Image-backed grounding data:
————

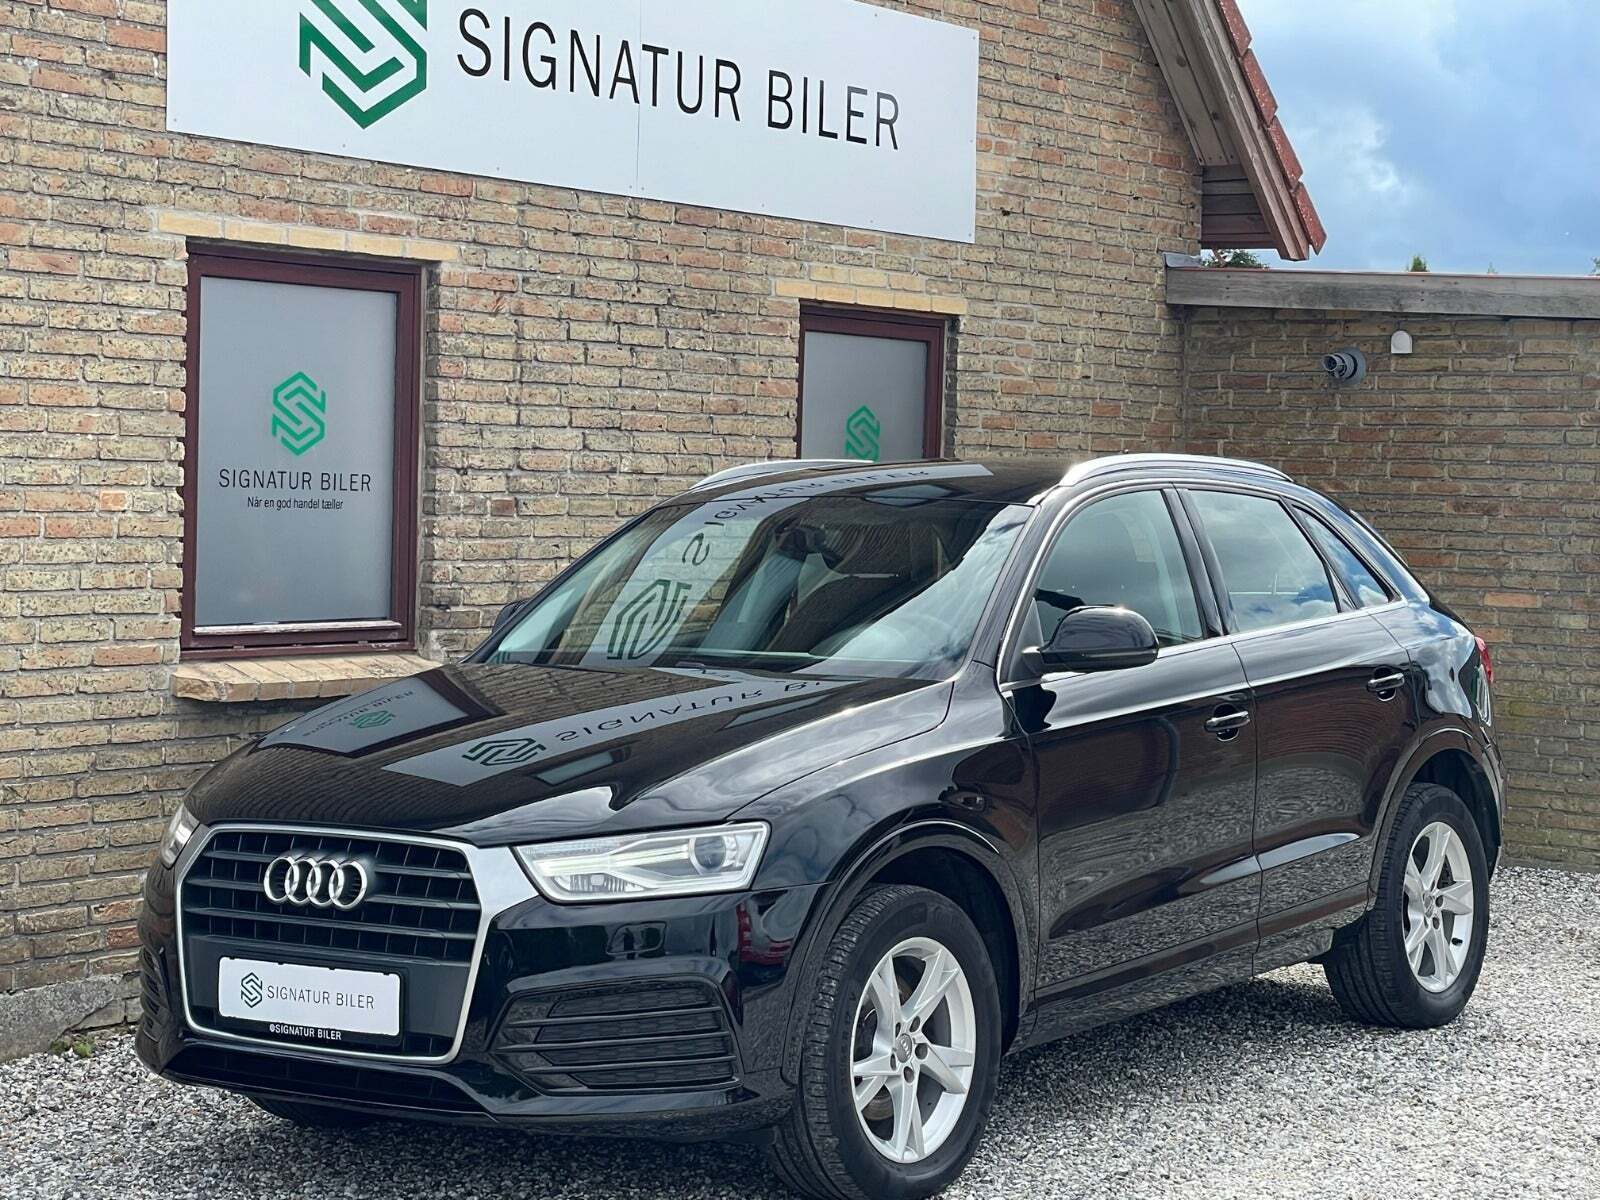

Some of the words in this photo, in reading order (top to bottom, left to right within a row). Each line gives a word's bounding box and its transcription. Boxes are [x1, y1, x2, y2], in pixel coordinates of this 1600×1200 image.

[457, 8, 741, 122] SIGNATUR
[767, 69, 899, 150] BILER
[218, 468, 312, 491] SIGNATUR
[320, 472, 372, 492] BILER
[247, 496, 263, 508] Når
[264, 499, 275, 508] en
[276, 499, 292, 511] god
[293, 499, 320, 509] handel
[321, 499, 344, 510] tæller
[266, 985, 330, 1005] SIGNATUR
[336, 992, 375, 1009] BILER
[317, 1029, 342, 1041] BILER
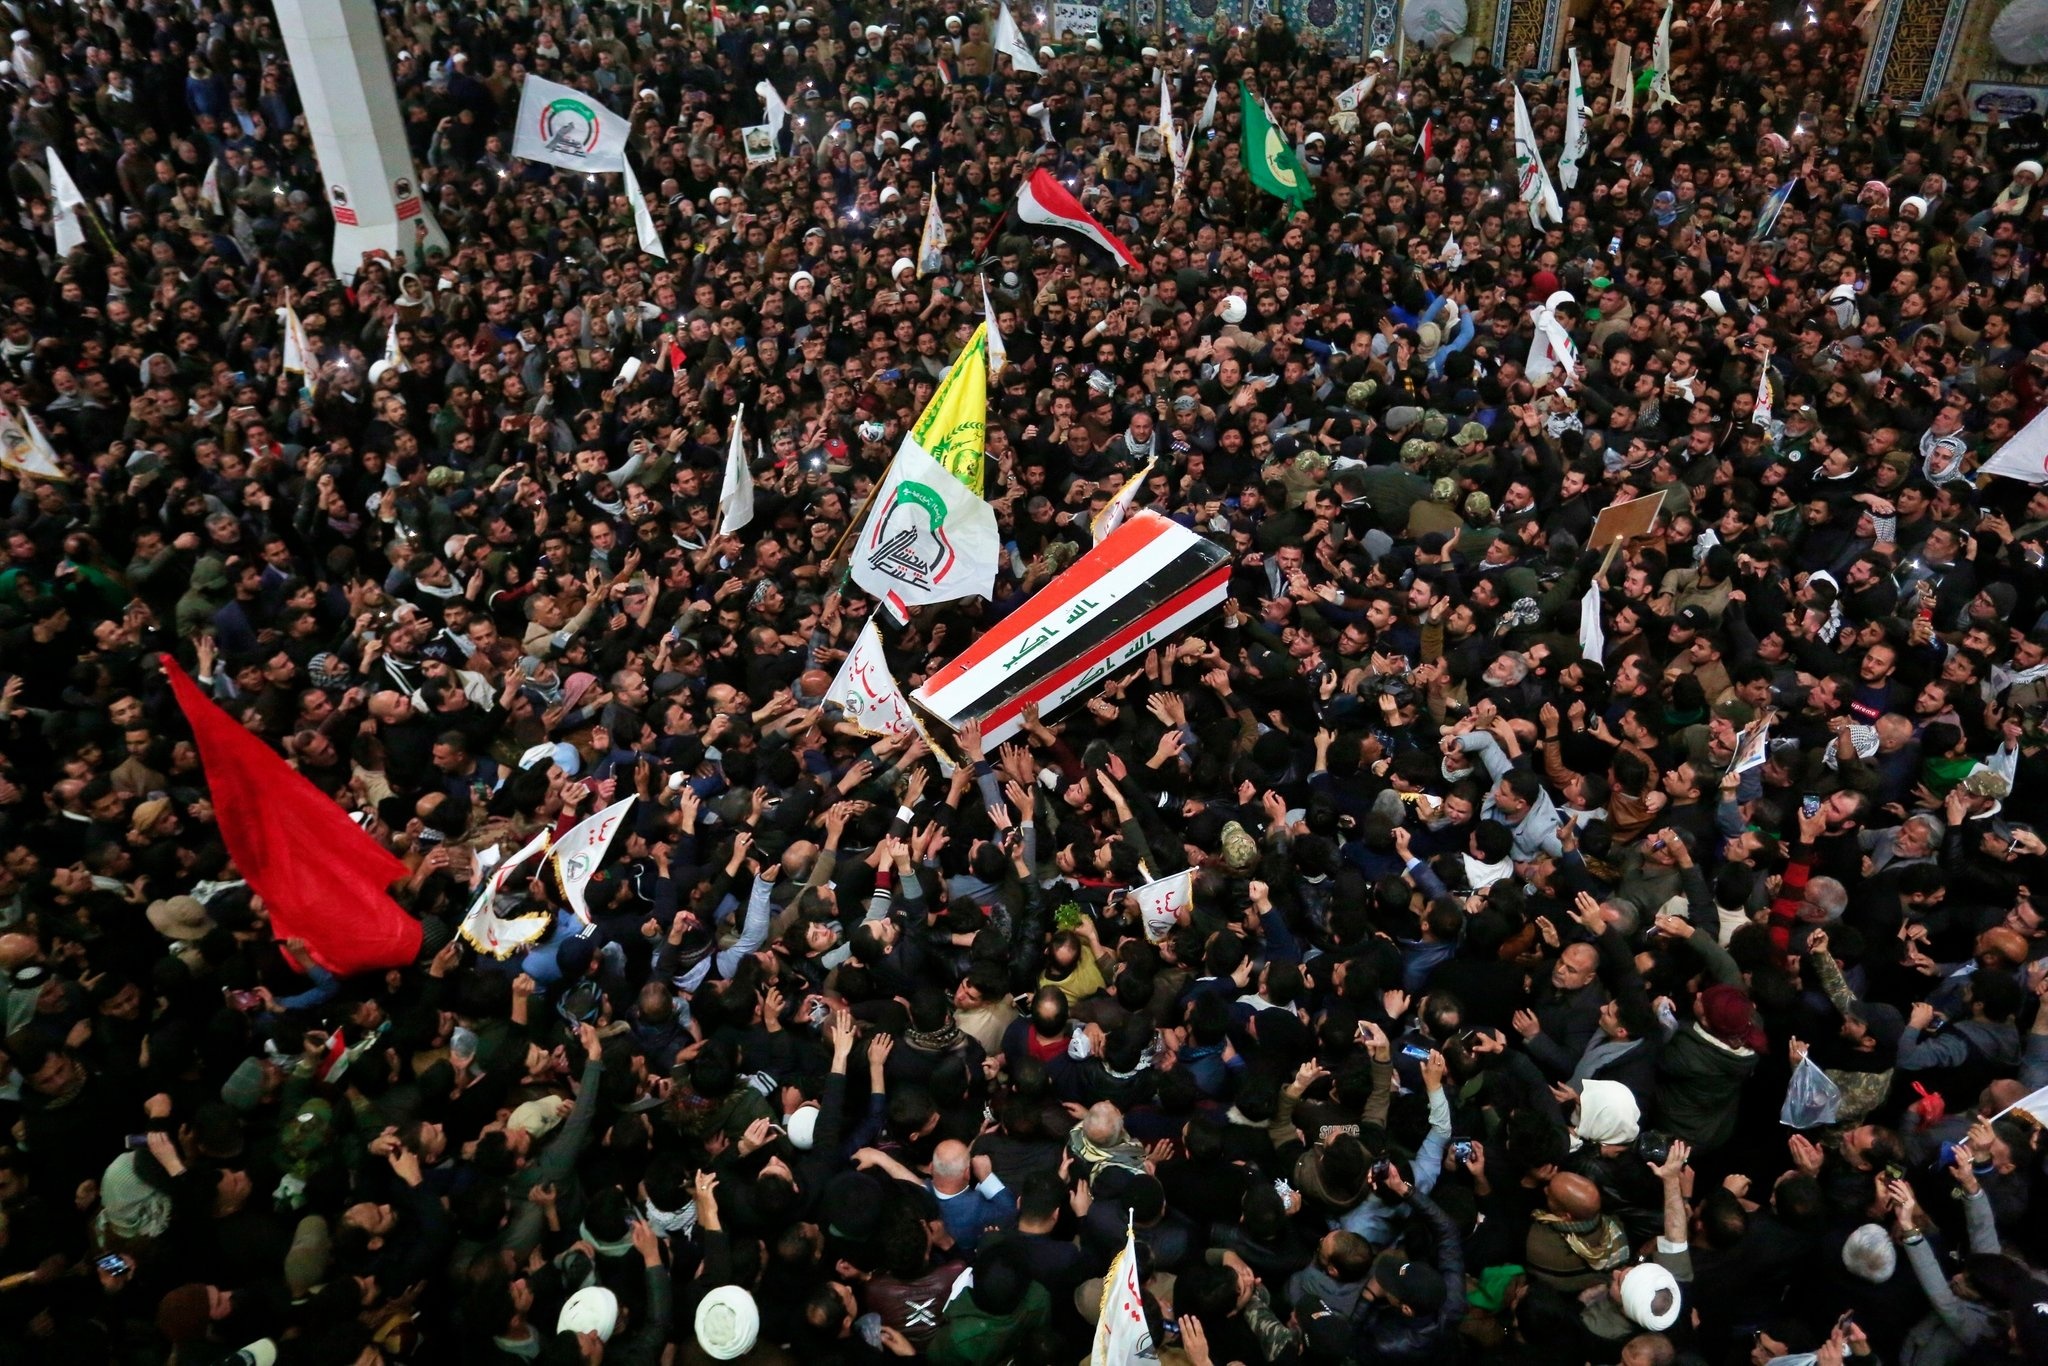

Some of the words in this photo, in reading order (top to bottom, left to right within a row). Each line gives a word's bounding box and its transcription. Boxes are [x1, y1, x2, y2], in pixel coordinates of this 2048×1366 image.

[1066, 599, 1099, 625] الله
[1124, 632, 1156, 660] الله
[1851, 702, 1876, 716] upreme
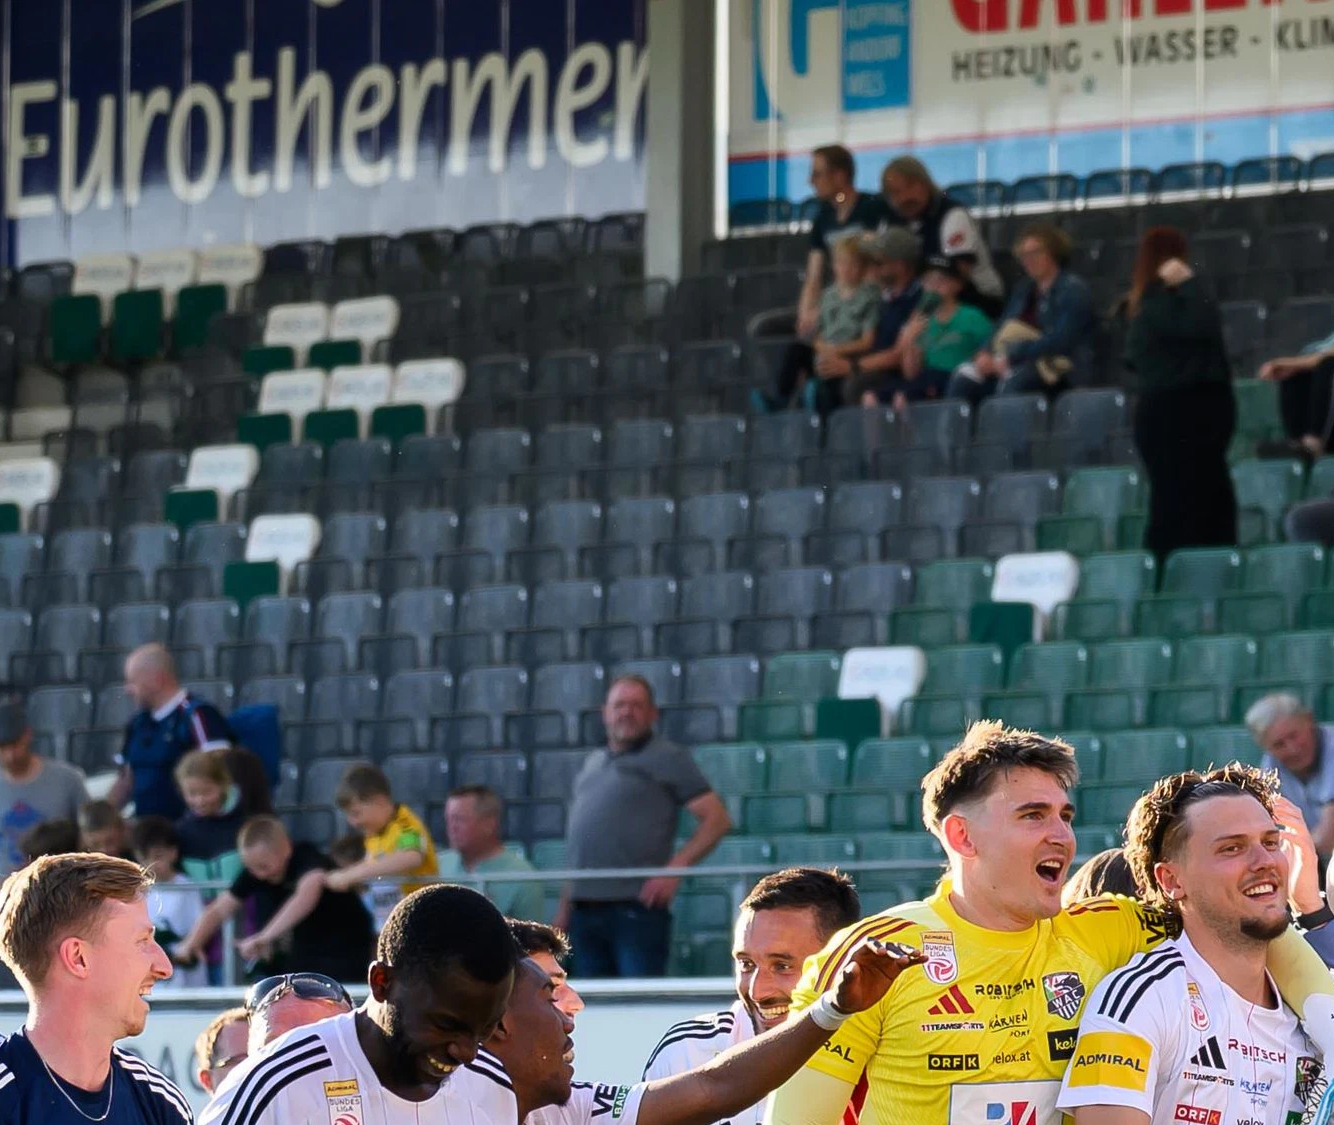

————

ASSIGNMENT:
The entries above should be retyped word for word, with all pictures omitted.

RESPONSE TO THE TASK:
Some of the words in this photo, in reading order (top to bottom, left to right within a row). Each line gives a word's bounding box and its transcription. Boxes are [x1, y1, x2, y2], in pixel coordinates of this 1600×1200 image.

[457, 8, 741, 122] SIGNATUR
[767, 69, 899, 150] BILER
[218, 468, 312, 491] SIGNATUR
[320, 472, 372, 492] BILER
[247, 496, 263, 508] Når
[264, 499, 275, 508] en
[276, 499, 292, 511] god
[293, 499, 320, 509] handel
[321, 499, 344, 510] tæller
[266, 985, 330, 1005] SIGNATUR
[336, 992, 375, 1009] BILER
[317, 1029, 342, 1041] BILER

Some of the words in this photo, in reading order (top to bottom, left to right within a row). Each line gives a word's bounding box and its transcription. Boxes are [x1, y1, x2, y2], in pixel coordinates of this 2048×1366 image.

[1066, 599, 1099, 625] الله
[1124, 632, 1156, 660] الله
[1851, 702, 1876, 716] upreme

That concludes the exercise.